*DIRECTIONS*
The entries that follow should come back exactly, with no pictures among them.

#### AVAILABLE DATA ####

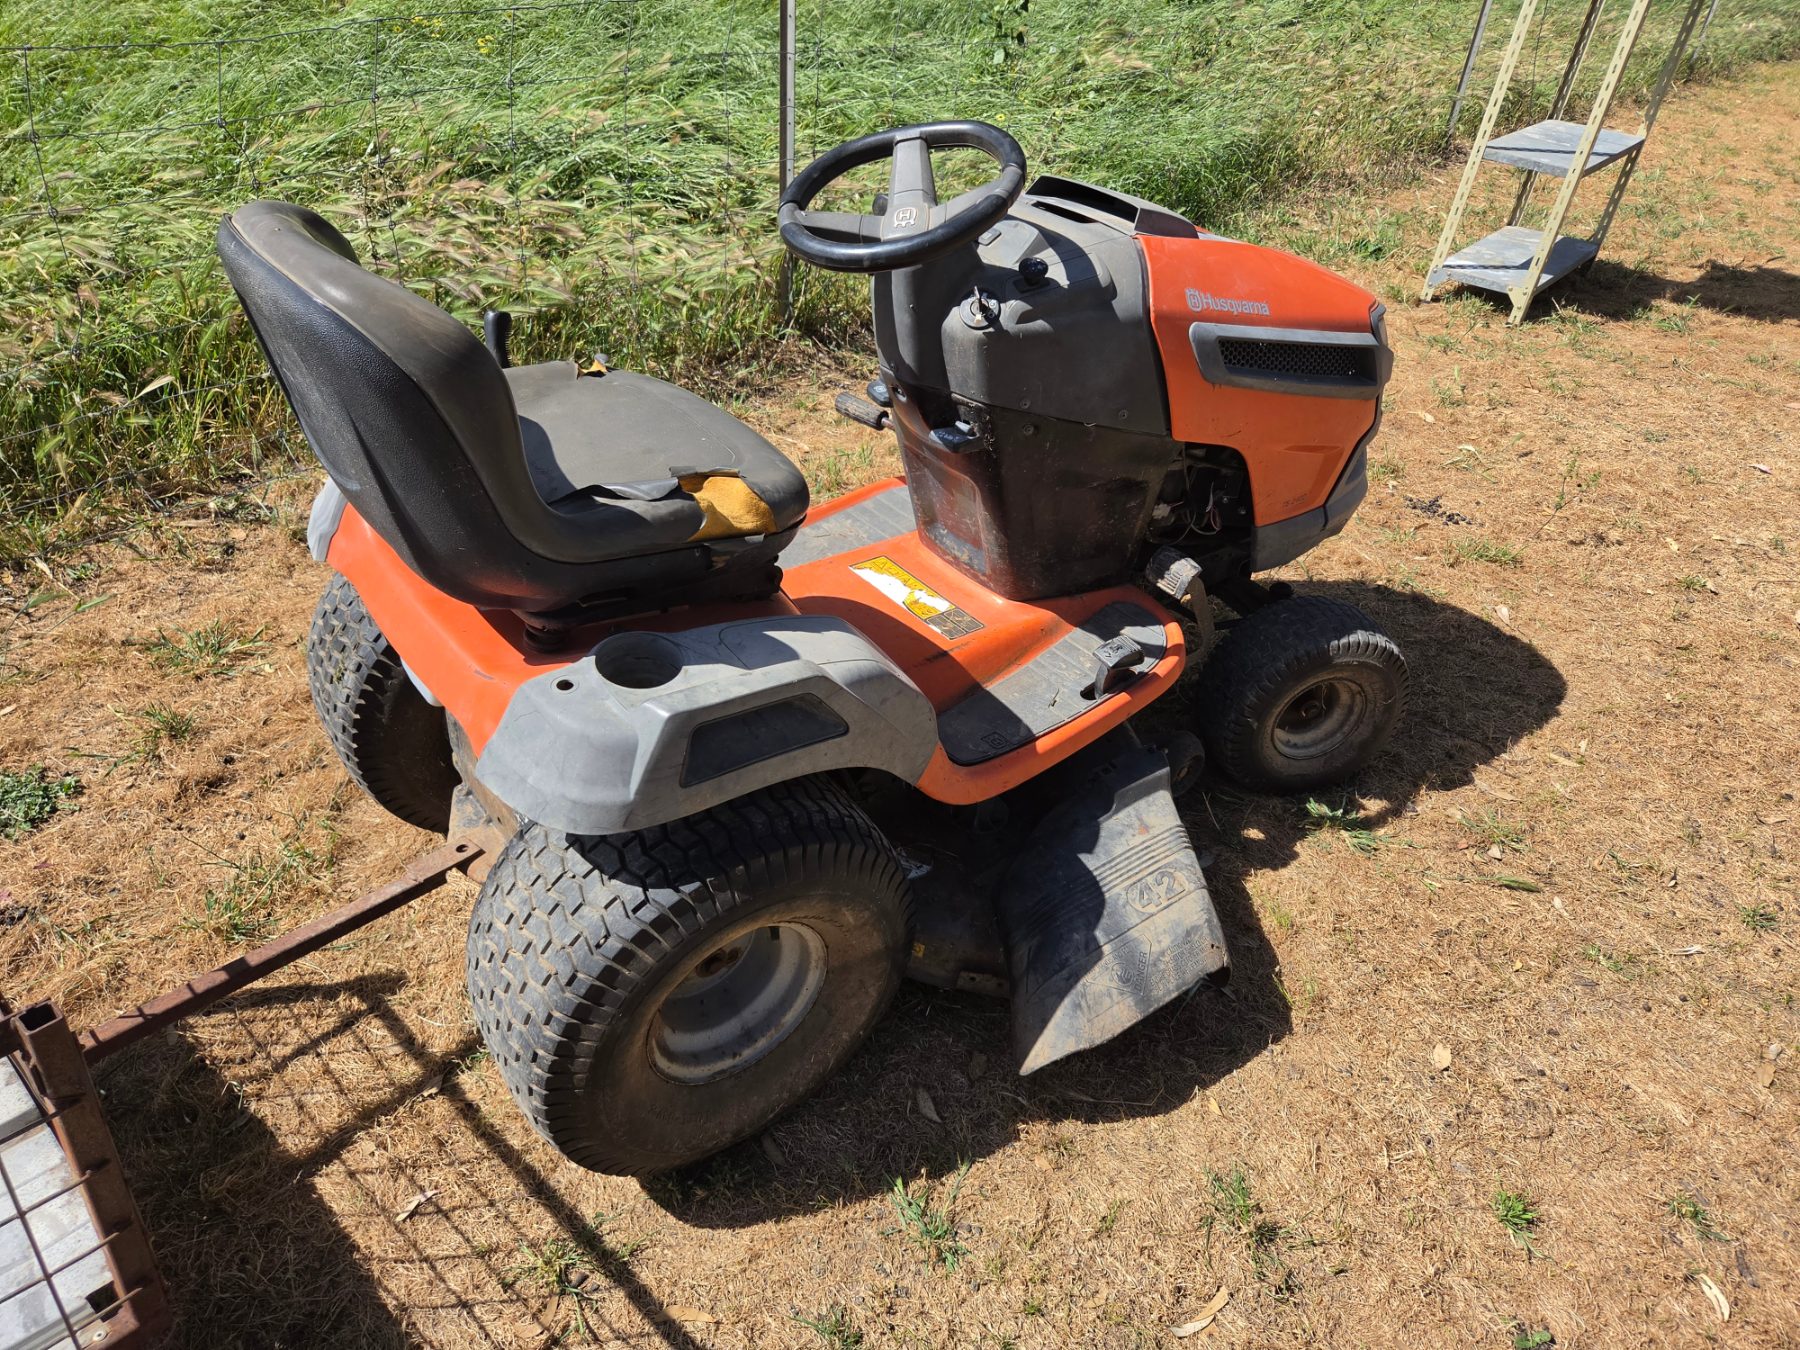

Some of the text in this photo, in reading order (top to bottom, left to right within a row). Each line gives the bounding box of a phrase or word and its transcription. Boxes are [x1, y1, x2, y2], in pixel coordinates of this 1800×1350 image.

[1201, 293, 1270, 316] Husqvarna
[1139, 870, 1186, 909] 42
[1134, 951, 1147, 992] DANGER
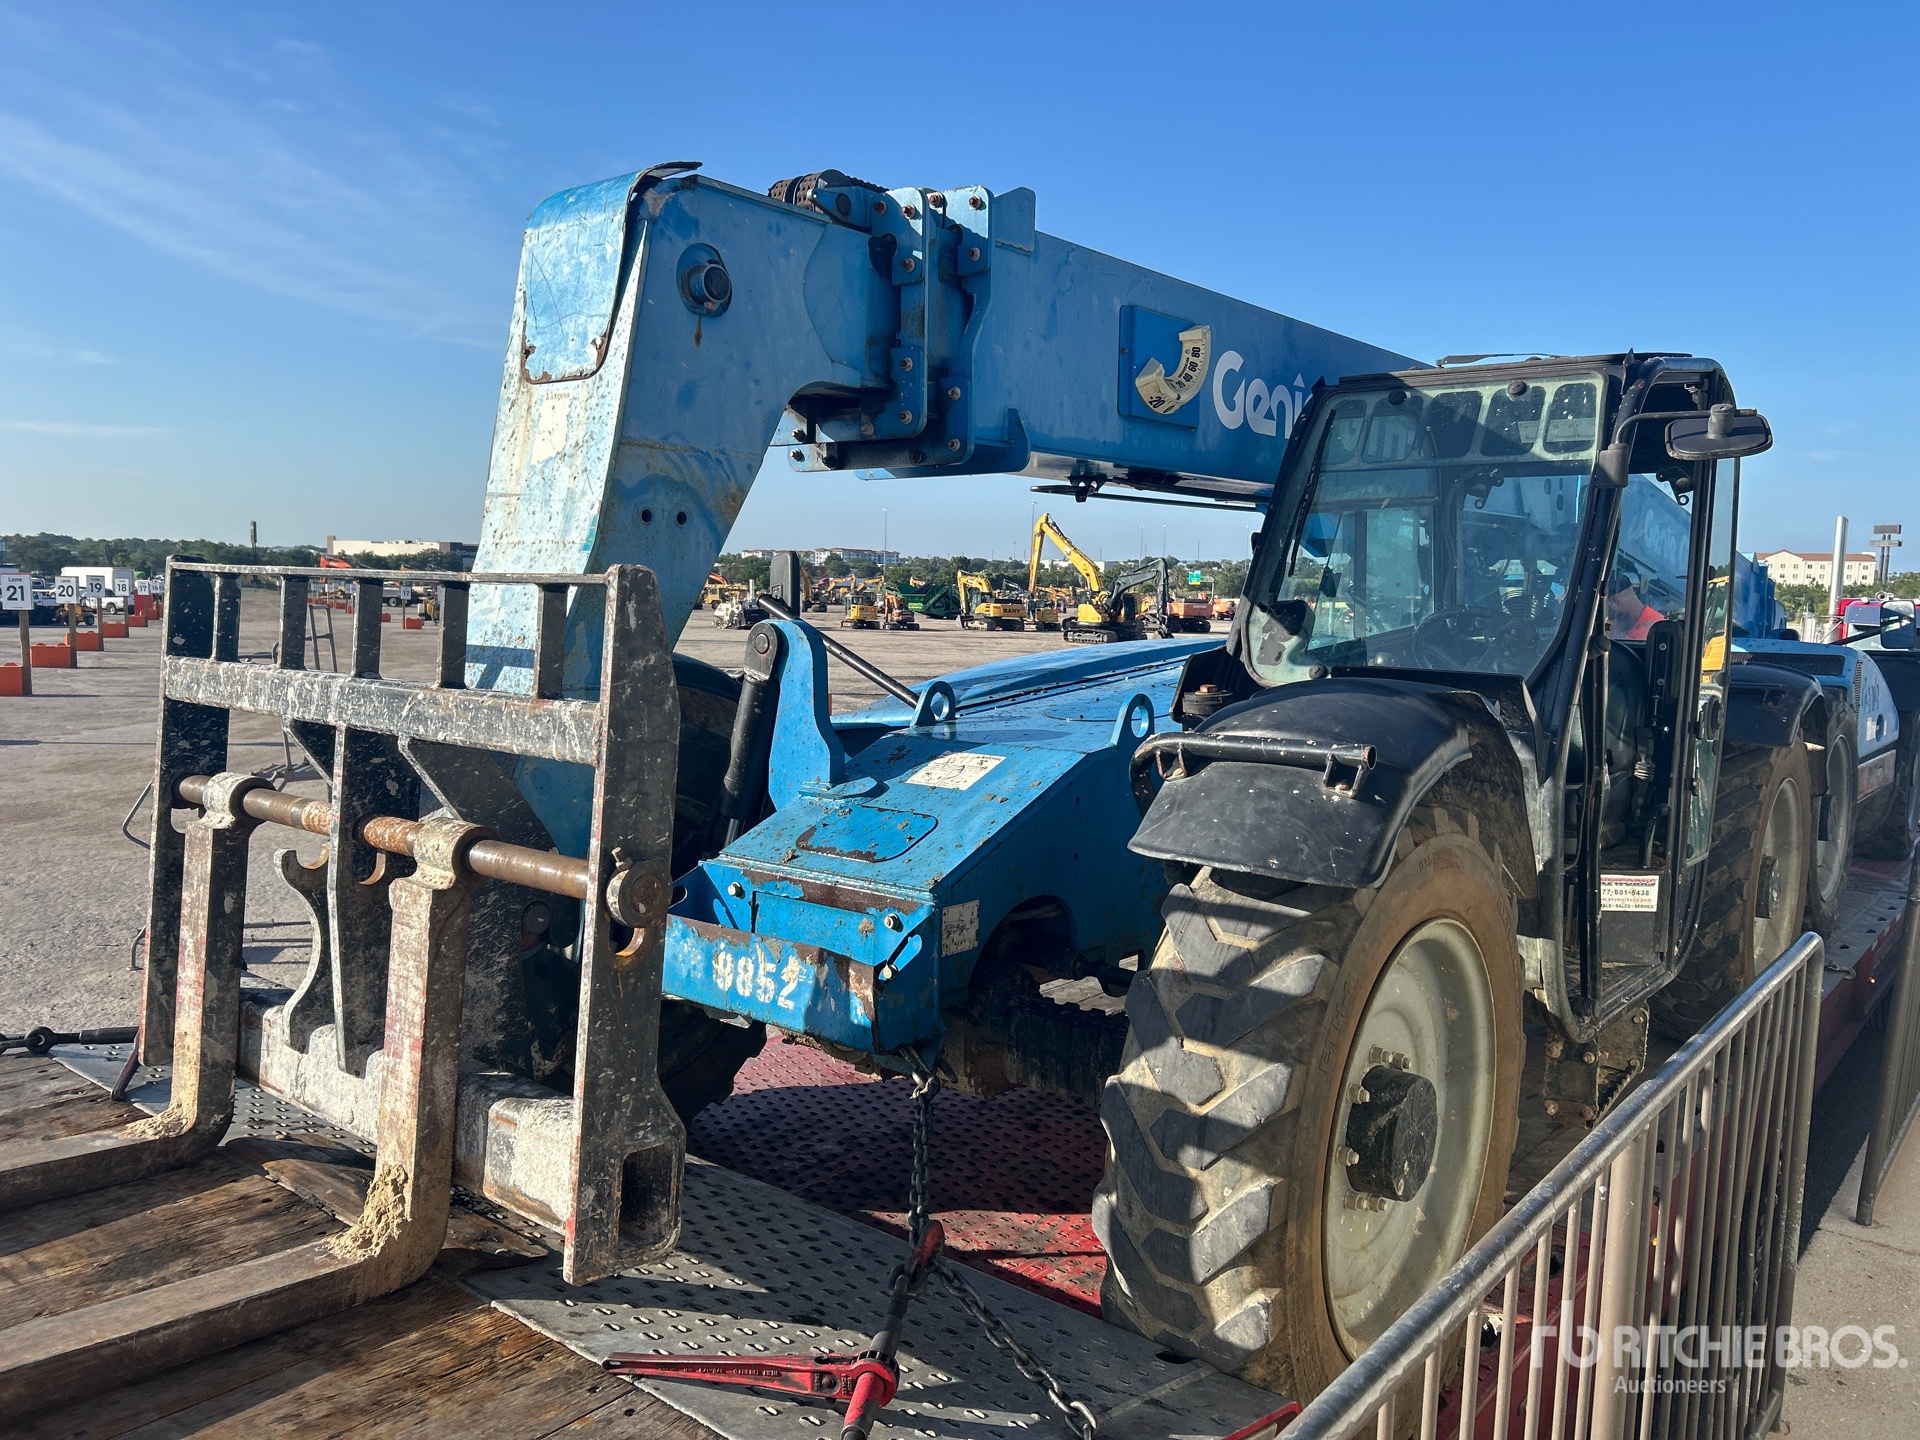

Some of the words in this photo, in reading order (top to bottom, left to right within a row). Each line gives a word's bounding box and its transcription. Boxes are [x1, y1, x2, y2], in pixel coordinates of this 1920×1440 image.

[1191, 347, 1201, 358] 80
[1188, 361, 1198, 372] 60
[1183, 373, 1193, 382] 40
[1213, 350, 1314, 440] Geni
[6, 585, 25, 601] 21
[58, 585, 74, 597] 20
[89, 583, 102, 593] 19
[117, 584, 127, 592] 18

####

*ANSWER TO THE EXERCISE*
Some of the text in this photo, in reading order (top to bottom, left to right within a row). Each line gives the bounding box of a phrase or word and its transcription. Boxes are [x1, y1, x2, y2], in pixel coordinates of this 1800×1350 image.

[1201, 293, 1270, 316] Husqvarna
[1139, 870, 1186, 909] 42
[1134, 951, 1147, 992] DANGER

Some of the words in this photo, in reading order (top to bottom, left to right within a row). Each line gives a word's bounding box and its transcription. Boxes are [x1, y1, x2, y2], in pixel coordinates of this 1920×1440 image.

[1191, 347, 1201, 358] 80
[1188, 361, 1198, 372] 60
[1183, 373, 1193, 382] 40
[1213, 350, 1314, 440] Geni
[6, 585, 25, 601] 21
[58, 585, 74, 597] 20
[89, 583, 102, 593] 19
[117, 584, 127, 592] 18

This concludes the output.